**PROBLEM DETAILS**
Could you write out each entry exactly as it reads?

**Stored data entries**
——————————

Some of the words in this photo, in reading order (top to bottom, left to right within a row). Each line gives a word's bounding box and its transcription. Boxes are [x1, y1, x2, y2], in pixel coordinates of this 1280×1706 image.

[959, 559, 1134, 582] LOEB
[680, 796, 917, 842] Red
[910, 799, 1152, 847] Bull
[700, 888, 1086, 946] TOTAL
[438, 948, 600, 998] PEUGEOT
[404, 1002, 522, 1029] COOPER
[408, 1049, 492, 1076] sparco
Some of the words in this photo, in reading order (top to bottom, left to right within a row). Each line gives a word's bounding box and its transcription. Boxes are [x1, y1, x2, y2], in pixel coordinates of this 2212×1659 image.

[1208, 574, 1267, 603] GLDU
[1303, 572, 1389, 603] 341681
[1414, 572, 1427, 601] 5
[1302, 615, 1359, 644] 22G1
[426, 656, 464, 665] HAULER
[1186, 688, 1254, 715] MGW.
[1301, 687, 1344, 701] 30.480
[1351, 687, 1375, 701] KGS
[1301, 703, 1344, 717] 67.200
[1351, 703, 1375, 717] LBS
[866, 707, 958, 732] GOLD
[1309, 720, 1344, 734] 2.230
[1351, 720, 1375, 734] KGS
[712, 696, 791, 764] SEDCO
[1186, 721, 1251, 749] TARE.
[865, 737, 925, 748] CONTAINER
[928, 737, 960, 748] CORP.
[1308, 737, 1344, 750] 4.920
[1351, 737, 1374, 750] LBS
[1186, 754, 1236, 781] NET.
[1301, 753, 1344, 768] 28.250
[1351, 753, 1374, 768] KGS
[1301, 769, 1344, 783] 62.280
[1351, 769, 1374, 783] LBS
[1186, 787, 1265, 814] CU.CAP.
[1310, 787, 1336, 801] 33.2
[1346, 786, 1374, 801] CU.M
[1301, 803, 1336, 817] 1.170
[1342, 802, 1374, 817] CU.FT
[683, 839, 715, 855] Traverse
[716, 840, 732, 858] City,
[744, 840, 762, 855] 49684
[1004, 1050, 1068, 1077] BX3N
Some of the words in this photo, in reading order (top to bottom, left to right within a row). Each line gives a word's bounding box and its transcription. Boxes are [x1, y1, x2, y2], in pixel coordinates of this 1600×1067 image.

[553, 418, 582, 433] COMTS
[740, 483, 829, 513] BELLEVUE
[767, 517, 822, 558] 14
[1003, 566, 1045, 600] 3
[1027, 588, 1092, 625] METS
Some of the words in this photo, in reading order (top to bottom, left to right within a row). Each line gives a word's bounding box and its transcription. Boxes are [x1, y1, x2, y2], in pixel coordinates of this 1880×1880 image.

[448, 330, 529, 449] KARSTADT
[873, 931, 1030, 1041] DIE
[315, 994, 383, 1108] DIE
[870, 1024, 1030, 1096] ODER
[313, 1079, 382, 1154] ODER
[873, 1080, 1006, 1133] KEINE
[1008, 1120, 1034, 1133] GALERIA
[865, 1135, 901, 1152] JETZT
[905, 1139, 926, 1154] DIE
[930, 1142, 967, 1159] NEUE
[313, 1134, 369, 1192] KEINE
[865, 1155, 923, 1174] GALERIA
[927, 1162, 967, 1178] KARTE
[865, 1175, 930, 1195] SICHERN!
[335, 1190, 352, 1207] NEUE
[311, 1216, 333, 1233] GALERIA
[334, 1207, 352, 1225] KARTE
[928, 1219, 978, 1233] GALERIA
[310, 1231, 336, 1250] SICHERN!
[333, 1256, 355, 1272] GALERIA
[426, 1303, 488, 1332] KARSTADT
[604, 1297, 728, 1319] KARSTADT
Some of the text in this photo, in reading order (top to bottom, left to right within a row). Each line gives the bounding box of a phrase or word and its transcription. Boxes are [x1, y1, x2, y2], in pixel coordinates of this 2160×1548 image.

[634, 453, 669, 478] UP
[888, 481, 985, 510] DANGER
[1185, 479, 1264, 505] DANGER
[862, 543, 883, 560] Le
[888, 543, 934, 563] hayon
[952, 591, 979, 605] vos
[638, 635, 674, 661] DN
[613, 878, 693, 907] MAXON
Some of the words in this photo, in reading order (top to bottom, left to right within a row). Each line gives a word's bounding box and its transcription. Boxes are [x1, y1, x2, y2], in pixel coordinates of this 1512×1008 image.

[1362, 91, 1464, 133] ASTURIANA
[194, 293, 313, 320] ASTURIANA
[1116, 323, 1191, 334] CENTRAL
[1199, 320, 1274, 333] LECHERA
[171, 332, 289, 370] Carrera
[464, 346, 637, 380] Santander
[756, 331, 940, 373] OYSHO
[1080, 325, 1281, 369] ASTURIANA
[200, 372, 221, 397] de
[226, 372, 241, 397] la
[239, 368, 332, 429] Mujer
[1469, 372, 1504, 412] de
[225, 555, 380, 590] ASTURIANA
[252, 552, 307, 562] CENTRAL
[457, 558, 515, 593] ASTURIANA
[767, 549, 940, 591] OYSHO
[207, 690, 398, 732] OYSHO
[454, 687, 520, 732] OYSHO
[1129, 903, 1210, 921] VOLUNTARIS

——————————

**ANSWER AREA**
Some of the words in this photo, in reading order (top to bottom, left to right within a row). Each line gives a word's bounding box and its transcription. Boxes are [x1, y1, x2, y2], in pixel coordinates of this 1280×1706 image.

[959, 559, 1134, 582] LOEB
[680, 796, 917, 842] Red
[910, 799, 1152, 847] Bull
[700, 888, 1086, 946] TOTAL
[438, 948, 600, 998] PEUGEOT
[404, 1002, 522, 1029] COOPER
[408, 1049, 492, 1076] sparco
Some of the words in this photo, in reading order (top to bottom, left to right within a row). Each line gives a word's bounding box and its transcription. Boxes are [x1, y1, x2, y2], in pixel coordinates of this 2212×1659 image.

[1208, 574, 1267, 603] GLDU
[1303, 572, 1389, 603] 341681
[1414, 572, 1427, 601] 5
[1302, 615, 1359, 644] 22G1
[426, 656, 464, 665] HAULER
[1186, 688, 1254, 715] MGW.
[1301, 687, 1344, 701] 30.480
[1351, 687, 1375, 701] KGS
[1301, 703, 1344, 717] 67.200
[1351, 703, 1375, 717] LBS
[866, 707, 958, 732] GOLD
[1309, 720, 1344, 734] 2.230
[1351, 720, 1375, 734] KGS
[712, 696, 791, 764] SEDCO
[1186, 721, 1251, 749] TARE.
[865, 737, 925, 748] CONTAINER
[928, 737, 960, 748] CORP.
[1308, 737, 1344, 750] 4.920
[1351, 737, 1374, 750] LBS
[1186, 754, 1236, 781] NET.
[1301, 753, 1344, 768] 28.250
[1351, 753, 1374, 768] KGS
[1301, 769, 1344, 783] 62.280
[1351, 769, 1374, 783] LBS
[1186, 787, 1265, 814] CU.CAP.
[1310, 787, 1336, 801] 33.2
[1346, 786, 1374, 801] CU.M
[1301, 803, 1336, 817] 1.170
[1342, 802, 1374, 817] CU.FT
[683, 839, 715, 855] Traverse
[716, 840, 732, 858] City,
[744, 840, 762, 855] 49684
[1004, 1050, 1068, 1077] BX3N
Some of the words in this photo, in reading order (top to bottom, left to right within a row). Each line gives a word's bounding box and its transcription. Boxes are [x1, y1, x2, y2], in pixel coordinates of this 1600×1067 image.

[553, 418, 582, 433] COMTS
[740, 483, 829, 513] BELLEVUE
[767, 517, 822, 558] 14
[1003, 566, 1045, 600] 3
[1027, 588, 1092, 625] METS
Some of the words in this photo, in reading order (top to bottom, left to right within a row). Each line gives a word's bounding box and its transcription. Boxes are [x1, y1, x2, y2], in pixel coordinates of this 1880×1880 image.

[448, 330, 529, 449] KARSTADT
[873, 931, 1030, 1041] DIE
[315, 994, 383, 1108] DIE
[870, 1024, 1030, 1096] ODER
[313, 1079, 382, 1154] ODER
[873, 1080, 1006, 1133] KEINE
[1008, 1120, 1034, 1133] GALERIA
[865, 1135, 901, 1152] JETZT
[905, 1139, 926, 1154] DIE
[930, 1142, 967, 1159] NEUE
[313, 1134, 369, 1192] KEINE
[865, 1155, 923, 1174] GALERIA
[927, 1162, 967, 1178] KARTE
[865, 1175, 930, 1195] SICHERN!
[335, 1190, 352, 1207] NEUE
[311, 1216, 333, 1233] GALERIA
[334, 1207, 352, 1225] KARTE
[928, 1219, 978, 1233] GALERIA
[310, 1231, 336, 1250] SICHERN!
[333, 1256, 355, 1272] GALERIA
[426, 1303, 488, 1332] KARSTADT
[604, 1297, 728, 1319] KARSTADT
Some of the text in this photo, in reading order (top to bottom, left to right within a row). Each line gives the bounding box of a phrase or word and its transcription. Boxes are [x1, y1, x2, y2], in pixel coordinates of this 2160×1548 image.

[634, 453, 669, 478] UP
[888, 481, 985, 510] DANGER
[1185, 479, 1264, 505] DANGER
[862, 543, 883, 560] Le
[888, 543, 934, 563] hayon
[952, 591, 979, 605] vos
[638, 635, 674, 661] DN
[613, 878, 693, 907] MAXON
Some of the words in this photo, in reading order (top to bottom, left to right within a row). Each line gives a word's bounding box and its transcription. Boxes are [x1, y1, x2, y2], in pixel coordinates of this 1512×1008 image.

[1362, 91, 1464, 133] ASTURIANA
[194, 293, 313, 320] ASTURIANA
[1116, 323, 1191, 334] CENTRAL
[1199, 320, 1274, 333] LECHERA
[171, 332, 289, 370] Carrera
[464, 346, 637, 380] Santander
[756, 331, 940, 373] OYSHO
[1080, 325, 1281, 369] ASTURIANA
[200, 372, 221, 397] de
[226, 372, 241, 397] la
[239, 368, 332, 429] Mujer
[1469, 372, 1504, 412] de
[225, 555, 380, 590] ASTURIANA
[252, 552, 307, 562] CENTRAL
[457, 558, 515, 593] ASTURIANA
[767, 549, 940, 591] OYSHO
[207, 690, 398, 732] OYSHO
[454, 687, 520, 732] OYSHO
[1129, 903, 1210, 921] VOLUNTARIS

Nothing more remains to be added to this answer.